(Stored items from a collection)

*** Block opens ***

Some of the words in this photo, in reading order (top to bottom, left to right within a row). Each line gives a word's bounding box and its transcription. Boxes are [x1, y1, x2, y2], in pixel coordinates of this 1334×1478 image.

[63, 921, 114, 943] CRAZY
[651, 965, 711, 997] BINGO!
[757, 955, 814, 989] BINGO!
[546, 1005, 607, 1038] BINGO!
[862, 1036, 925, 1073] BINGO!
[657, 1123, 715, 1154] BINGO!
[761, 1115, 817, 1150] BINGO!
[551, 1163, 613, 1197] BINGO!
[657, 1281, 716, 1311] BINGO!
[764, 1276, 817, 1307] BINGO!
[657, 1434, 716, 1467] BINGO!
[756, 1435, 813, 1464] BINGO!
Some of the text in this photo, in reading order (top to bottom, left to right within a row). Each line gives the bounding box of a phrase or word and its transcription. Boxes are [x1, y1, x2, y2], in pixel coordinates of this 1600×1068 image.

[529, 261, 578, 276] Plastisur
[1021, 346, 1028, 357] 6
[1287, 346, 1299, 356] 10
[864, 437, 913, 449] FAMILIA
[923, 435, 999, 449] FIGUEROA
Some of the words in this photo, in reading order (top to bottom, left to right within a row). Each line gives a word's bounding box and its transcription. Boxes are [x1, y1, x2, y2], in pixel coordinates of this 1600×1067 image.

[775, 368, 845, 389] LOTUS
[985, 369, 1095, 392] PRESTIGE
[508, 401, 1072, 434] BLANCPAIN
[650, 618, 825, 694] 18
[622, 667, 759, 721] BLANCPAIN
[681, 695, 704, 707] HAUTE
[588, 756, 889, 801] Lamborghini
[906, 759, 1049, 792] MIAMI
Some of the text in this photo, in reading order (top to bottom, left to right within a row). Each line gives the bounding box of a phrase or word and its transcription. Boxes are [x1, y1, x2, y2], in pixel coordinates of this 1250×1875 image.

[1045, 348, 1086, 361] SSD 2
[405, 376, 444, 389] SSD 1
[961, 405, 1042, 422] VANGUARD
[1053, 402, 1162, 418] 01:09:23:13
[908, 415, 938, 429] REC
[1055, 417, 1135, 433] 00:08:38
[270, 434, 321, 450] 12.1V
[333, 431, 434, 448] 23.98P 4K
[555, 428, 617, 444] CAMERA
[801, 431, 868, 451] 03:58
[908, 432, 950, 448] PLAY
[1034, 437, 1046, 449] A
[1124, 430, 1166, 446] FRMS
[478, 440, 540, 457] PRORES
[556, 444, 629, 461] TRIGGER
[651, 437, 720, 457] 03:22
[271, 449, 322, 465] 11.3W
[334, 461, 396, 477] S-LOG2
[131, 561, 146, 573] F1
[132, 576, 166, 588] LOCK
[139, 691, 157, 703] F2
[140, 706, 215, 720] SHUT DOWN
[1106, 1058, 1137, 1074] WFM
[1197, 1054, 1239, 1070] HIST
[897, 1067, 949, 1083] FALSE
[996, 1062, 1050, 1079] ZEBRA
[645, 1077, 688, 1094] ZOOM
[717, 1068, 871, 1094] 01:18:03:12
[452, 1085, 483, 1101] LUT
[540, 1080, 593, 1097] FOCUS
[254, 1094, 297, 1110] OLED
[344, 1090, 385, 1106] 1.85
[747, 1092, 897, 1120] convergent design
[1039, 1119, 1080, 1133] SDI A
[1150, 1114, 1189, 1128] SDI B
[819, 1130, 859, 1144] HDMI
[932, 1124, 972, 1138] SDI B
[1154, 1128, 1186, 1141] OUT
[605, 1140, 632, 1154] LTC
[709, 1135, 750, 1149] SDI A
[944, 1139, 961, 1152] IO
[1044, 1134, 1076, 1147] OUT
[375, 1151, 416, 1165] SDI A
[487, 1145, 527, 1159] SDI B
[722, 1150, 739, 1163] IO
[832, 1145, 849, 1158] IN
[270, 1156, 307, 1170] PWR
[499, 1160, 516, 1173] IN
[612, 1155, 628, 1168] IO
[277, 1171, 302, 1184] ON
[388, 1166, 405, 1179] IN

*** Block closes ***

Each line of the records must be reproduced exactly.

Worked solution:
Some of the words in this photo, in reading order (top to bottom, left to right within a row). Each line gives a word's bounding box and its transcription. Boxes are [x1, y1, x2, y2], in pixel coordinates of this 1334×1478 image.

[63, 921, 114, 943] CRAZY
[651, 965, 711, 997] BINGO!
[757, 955, 814, 989] BINGO!
[546, 1005, 607, 1038] BINGO!
[862, 1036, 925, 1073] BINGO!
[657, 1123, 715, 1154] BINGO!
[761, 1115, 817, 1150] BINGO!
[551, 1163, 613, 1197] BINGO!
[657, 1281, 716, 1311] BINGO!
[764, 1276, 817, 1307] BINGO!
[657, 1434, 716, 1467] BINGO!
[756, 1435, 813, 1464] BINGO!
Some of the text in this photo, in reading order (top to bottom, left to right within a row). Each line gives the bounding box of a phrase or word and its transcription. Boxes are [x1, y1, x2, y2], in pixel coordinates of this 1600×1068 image.

[529, 261, 578, 276] Plastisur
[1021, 346, 1028, 357] 6
[1287, 346, 1299, 356] 10
[864, 437, 913, 449] FAMILIA
[923, 435, 999, 449] FIGUEROA
Some of the words in this photo, in reading order (top to bottom, left to right within a row). Each line gives a word's bounding box and its transcription. Boxes are [x1, y1, x2, y2], in pixel coordinates of this 1600×1067 image.

[775, 368, 845, 389] LOTUS
[985, 369, 1095, 392] PRESTIGE
[508, 401, 1072, 434] BLANCPAIN
[650, 618, 825, 694] 18
[622, 667, 759, 721] BLANCPAIN
[681, 695, 704, 707] HAUTE
[588, 756, 889, 801] Lamborghini
[906, 759, 1049, 792] MIAMI
Some of the text in this photo, in reading order (top to bottom, left to right within a row). Each line gives the bounding box of a phrase or word and its transcription. Boxes are [x1, y1, x2, y2], in pixel coordinates of this 1250×1875 image.

[1045, 348, 1086, 361] SSD 2
[405, 376, 444, 389] SSD 1
[961, 405, 1042, 422] VANGUARD
[1053, 402, 1162, 418] 01:09:23:13
[908, 415, 938, 429] REC
[1055, 417, 1135, 433] 00:08:38
[270, 434, 321, 450] 12.1V
[333, 431, 434, 448] 23.98P 4K
[555, 428, 617, 444] CAMERA
[801, 431, 868, 451] 03:58
[908, 432, 950, 448] PLAY
[1034, 437, 1046, 449] A
[1124, 430, 1166, 446] FRMS
[478, 440, 540, 457] PRORES
[556, 444, 629, 461] TRIGGER
[651, 437, 720, 457] 03:22
[271, 449, 322, 465] 11.3W
[334, 461, 396, 477] S-LOG2
[131, 561, 146, 573] F1
[132, 576, 166, 588] LOCK
[139, 691, 157, 703] F2
[140, 706, 215, 720] SHUT DOWN
[1106, 1058, 1137, 1074] WFM
[1197, 1054, 1239, 1070] HIST
[897, 1067, 949, 1083] FALSE
[996, 1062, 1050, 1079] ZEBRA
[645, 1077, 688, 1094] ZOOM
[717, 1068, 871, 1094] 01:18:03:12
[452, 1085, 483, 1101] LUT
[540, 1080, 593, 1097] FOCUS
[254, 1094, 297, 1110] OLED
[344, 1090, 385, 1106] 1.85
[747, 1092, 897, 1120] convergent design
[1039, 1119, 1080, 1133] SDI A
[1150, 1114, 1189, 1128] SDI B
[819, 1130, 859, 1144] HDMI
[932, 1124, 972, 1138] SDI B
[1154, 1128, 1186, 1141] OUT
[605, 1140, 632, 1154] LTC
[709, 1135, 750, 1149] SDI A
[944, 1139, 961, 1152] IO
[1044, 1134, 1076, 1147] OUT
[375, 1151, 416, 1165] SDI A
[487, 1145, 527, 1159] SDI B
[722, 1150, 739, 1163] IO
[832, 1145, 849, 1158] IN
[270, 1156, 307, 1170] PWR
[499, 1160, 516, 1173] IN
[612, 1155, 628, 1168] IO
[277, 1171, 302, 1184] ON
[388, 1166, 405, 1179] IN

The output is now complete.